Giles entered slowly, letting his eyes adjust. “Spike, may I speak to you.”
“God, what now?”
“Nothing. There’s nothing.” Giles sighed and peered at Spike sitting on the floor in the dark. He wished he could see his face. “I just.” He sighed. He knew this wasn’t something he did well at all. “I just wanted to talk to you.”
Spike sighed as if very put out. “Yeah. Sure. Pull up some floor.”
Giles sat carefully on the floor across from Spike. The vampire observed how silly any man wearing suit trousers looked sitting cross-legged on the floor, especially one as naturally uncomfortable as Rupert Giles. The thought made him smile.
“Ya just wanna talk?”
“No more crazy accusations?”
“Not at the moment.” Giles smiled. He was rewarded by a short laugh from Spike.
“How ya doin’, Rupert.”
“Actually, Spike, I’m not having the best week,” admitted Giles, still smiling, “how about you?”
“Oh yeah, things pretty much suck for me too.”
“I’m sorry to hear it.”
“Likewise.” The two men regarded each other then both laughed. “Spike,” Giles sobered and tried, “I’d like to say. Er, that is I’d like to apologize.”
Spike sat back and looked at the mortal who had been his enemy, ally and sometime friend for fifteen years. “Don’t think I’ve ever heard that from you before, Rupert.”
“I haven’t very often felt the need, Spike.”
“Oi, bastard!” but Spike was grinning.
“I want to help, not make this worse, Spike,” Giles began. “I want you to know that I have been seriously fighting the Council over this issue for the past week. I know it doesn’t really matter much to know that, since it was obviously useless, but still, I wanted to tell you.”
Spike sat looking at him for a moment. His finger ran up and down the back of the book in his lap. “It matters, Rupert,” he said quietly. “It matters a lot.”
Giles felt enormously relieved. “I didn’t want you to feel that I agreed with any of this,” he said earnestly. “I didn’t want you to think that I hadn’t noticed,” he thought for a moment, “hadn’t noticed what you have created of yourself. You are a truly unique creature, Spike,” said Giles softly. “I am very proud to be your friend.”
Spike was so deeply moved, he had to turn his head away. He stared into the cold fire grate. “Damned amazing creature yourself, Watcher,” he said finally, in a voice gruff with emotion, “runnin’ around befriending Monsters. ‘S gotta be dangerous.”
“I have been told so.”
“Fucking lunatic even.”
“The accusation has been made.”
Spike snorted his appreciation. They sat there for a minute in companionable silence. Rupert leaned back and stared into the same empty fireplace. “So what are we going to do this time, Spike?”
“Fucked if I know, Rupert. Pretty damned insoluble problem this time.”
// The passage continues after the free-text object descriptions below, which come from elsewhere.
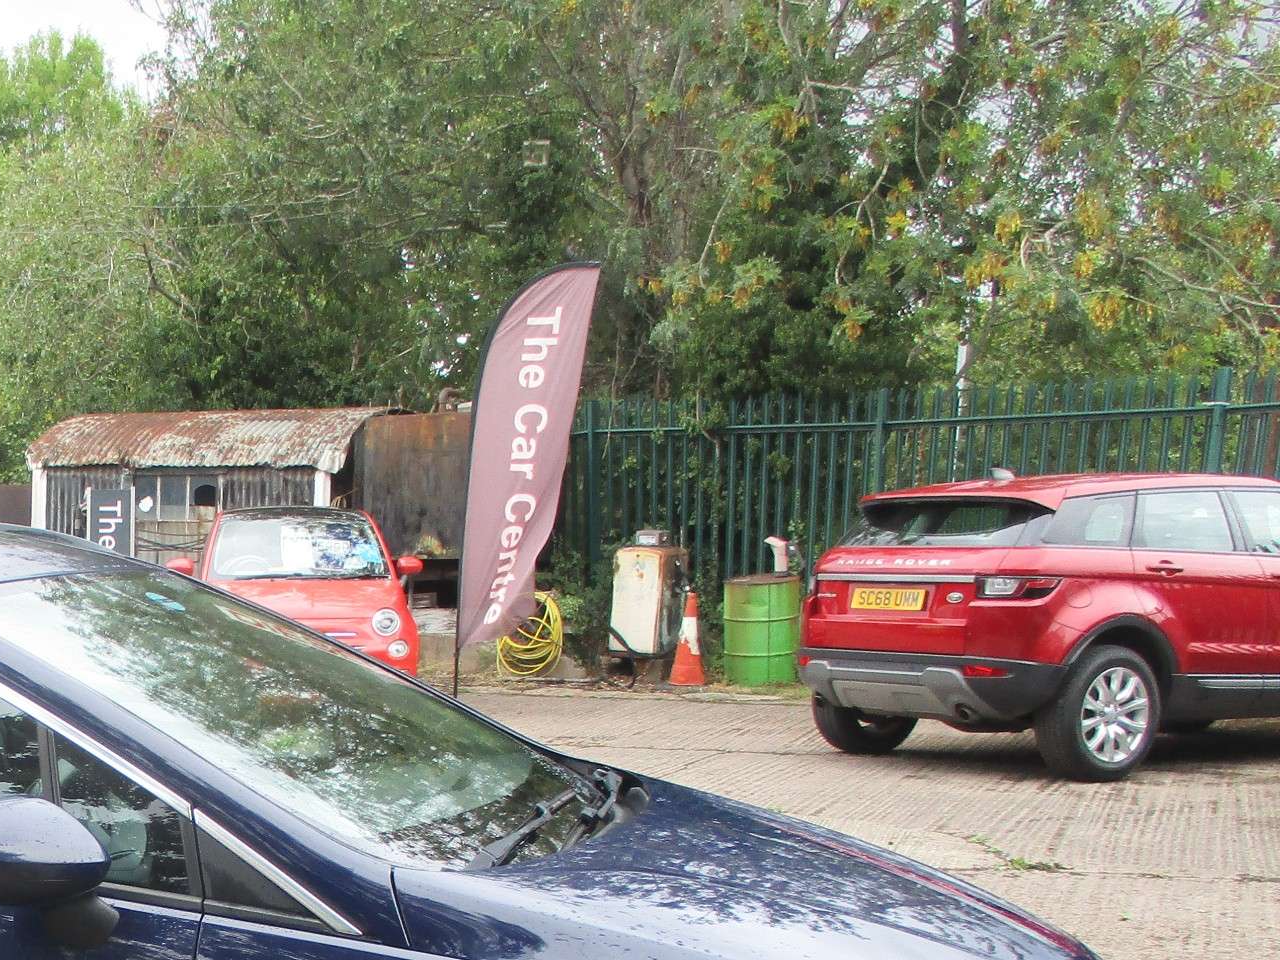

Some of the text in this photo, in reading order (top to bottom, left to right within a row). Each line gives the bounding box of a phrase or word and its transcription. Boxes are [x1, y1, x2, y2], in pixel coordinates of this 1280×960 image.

[483, 307, 564, 625] The Car Centre
[98, 500, 123, 550] The
[893, 558, 952, 566] ROVER
[858, 590, 892, 606] SC68
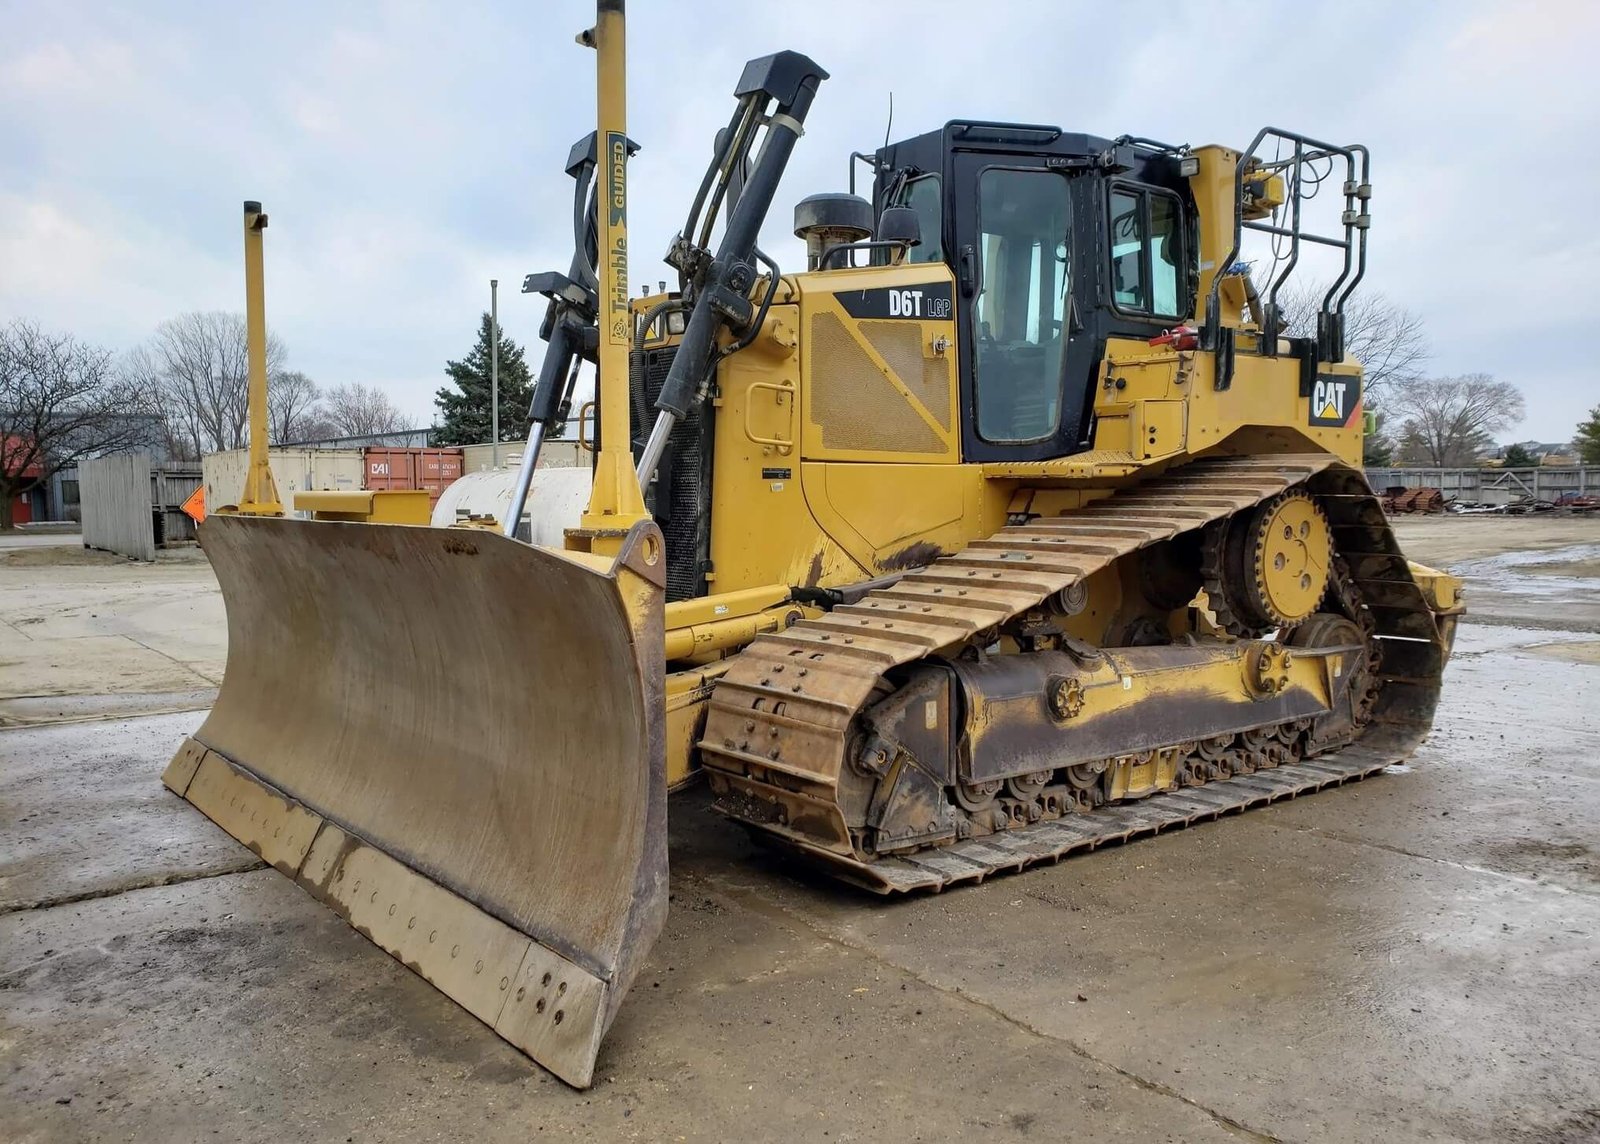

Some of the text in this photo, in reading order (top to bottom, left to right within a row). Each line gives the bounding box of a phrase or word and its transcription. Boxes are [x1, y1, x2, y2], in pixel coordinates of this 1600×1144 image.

[611, 141, 627, 313] Trimble GUIDED
[889, 289, 952, 318] D6T LGP
[1313, 380, 1346, 419] CAT
[371, 463, 389, 474] CAI
“Surely, we’ve faced worse.”
“Younger and stupider then.”
“Youth is over-rated. And stupidity? Well, I’m sure between the two of us we could engender some pretty convincing stupidity.”
Spike was silent for a moment. He drew a line slowly on the floor with ash from the hearth. “Don’t know if it’s worth it any more, Watcher,” he said slowly. “Hell of an eternity to go through all souled and helpless. Useless,” he amended. “Wonder what the bloody point is.”
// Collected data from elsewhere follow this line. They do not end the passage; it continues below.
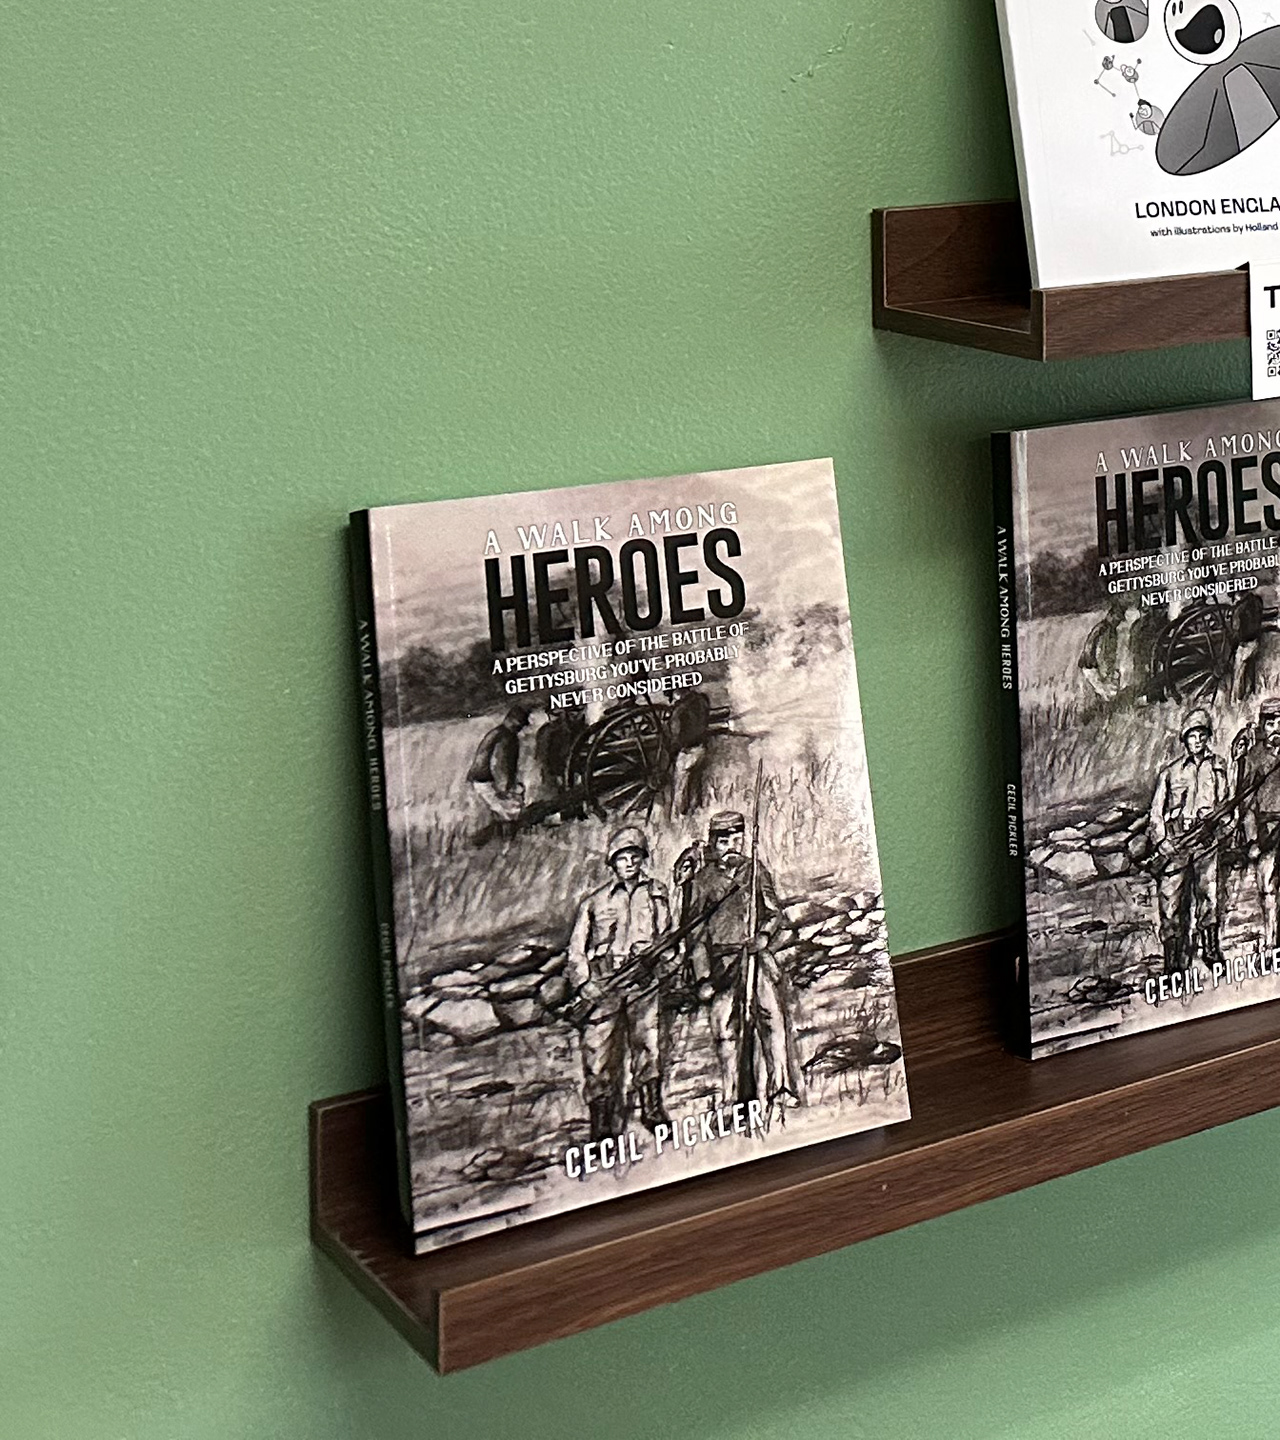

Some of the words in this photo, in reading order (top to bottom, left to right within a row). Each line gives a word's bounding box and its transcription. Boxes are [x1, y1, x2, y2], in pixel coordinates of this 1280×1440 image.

[1135, 198, 1217, 219] LONDON
[1150, 226, 1173, 237] with
[1174, 224, 1231, 236] illustrations
[1232, 223, 1244, 235] by
[1245, 221, 1279, 232] Holland
[1094, 451, 1109, 474] A
[1121, 440, 1192, 469] WALK
[484, 529, 502, 556] A
[517, 516, 613, 551] WALK
[628, 501, 739, 538] AMONG
[997, 525, 1006, 535] A
[997, 538, 1008, 583] WALK
[1099, 563, 1107, 577] A
[1108, 550, 1190, 576] PERSPECTIVE
[1191, 547, 1209, 562] OF
[1209, 543, 1233, 558] THE
[1235, 536, 1277, 554] BATTLE
[484, 527, 747, 654] HEROES
[1107, 569, 1186, 595] GETTYSBURG
[1187, 562, 1228, 580] YOU'VE
[1141, 589, 1183, 608] NEVER
[1184, 576, 1259, 600] CONSIDERED
[999, 586, 1011, 640] AMONG
[491, 658, 504, 675] A
[506, 640, 613, 673] PERSPECTIVE
[615, 638, 637, 656] OF
[638, 633, 670, 653] THE
[672, 625, 728, 648] BATTLE
[728, 620, 749, 638] OF
[1001, 643, 1013, 691] HEROES
[504, 665, 608, 695] GETTYSBURG
[609, 655, 663, 677] YOU'VE
[665, 644, 743, 670] PROBABLY
[550, 687, 604, 710] NEVER
[606, 671, 704, 700] CONSIDERED
[1006, 783, 1016, 813] CECIL
[1007, 814, 1018, 858] PICKLER
[1145, 966, 1205, 1006] CECIL
[565, 1131, 644, 1179] CECIL
[653, 1099, 765, 1155] PICKLER
“Everything has an affect, Spike. You can’t predict what you might accomplish.”
“Yeah, yeah, sure. Just can’t seem ta care enough any more.”
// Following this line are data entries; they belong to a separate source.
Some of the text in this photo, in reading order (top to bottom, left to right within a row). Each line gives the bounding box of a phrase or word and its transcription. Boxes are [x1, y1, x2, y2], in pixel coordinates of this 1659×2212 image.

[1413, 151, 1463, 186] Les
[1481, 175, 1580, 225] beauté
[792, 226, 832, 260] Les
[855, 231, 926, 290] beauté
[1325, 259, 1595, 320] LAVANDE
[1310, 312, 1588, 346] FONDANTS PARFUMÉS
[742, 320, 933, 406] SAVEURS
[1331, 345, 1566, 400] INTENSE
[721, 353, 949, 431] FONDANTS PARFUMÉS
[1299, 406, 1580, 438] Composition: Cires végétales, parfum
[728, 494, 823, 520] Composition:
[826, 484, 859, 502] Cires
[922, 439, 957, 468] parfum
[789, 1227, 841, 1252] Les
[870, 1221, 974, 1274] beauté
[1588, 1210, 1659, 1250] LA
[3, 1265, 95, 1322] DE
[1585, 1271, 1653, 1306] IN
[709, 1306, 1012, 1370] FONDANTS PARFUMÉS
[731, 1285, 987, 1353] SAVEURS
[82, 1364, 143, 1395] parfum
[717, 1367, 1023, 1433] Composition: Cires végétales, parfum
“We’ve spoken about this, Spike. You need to stay connected.” Giles shook his head. “It should be easy for you, Spike. You’ve always interacted well with the living. You seem to have enjoyed their company. I can’t understand what has changed. You’ve removed yourself.”
“Stop, Rupert,” said Spike suddenly.
“But what has happened, Spike? You cared more before the soul than you have in the last five years.”
“I mean it, Rupert, I can’t have this conversation right now.”
Giles was startled. They had traveled this particular circle many times. Spike was recalcitrant and uninformative, but never overly emotional. Giles guessed that the newest problem, coming straight on the heels of Dawn’s departure, was probably making it more difficult for Spike to discuss his unlife. He stopped pursuing it.
“Very well.” They sat for a few more minutes in silence and then Giles made to go. “Willow and Xander will be back soon, I expect,” he announced at the door. “She mentioned wanting to speak to you both.”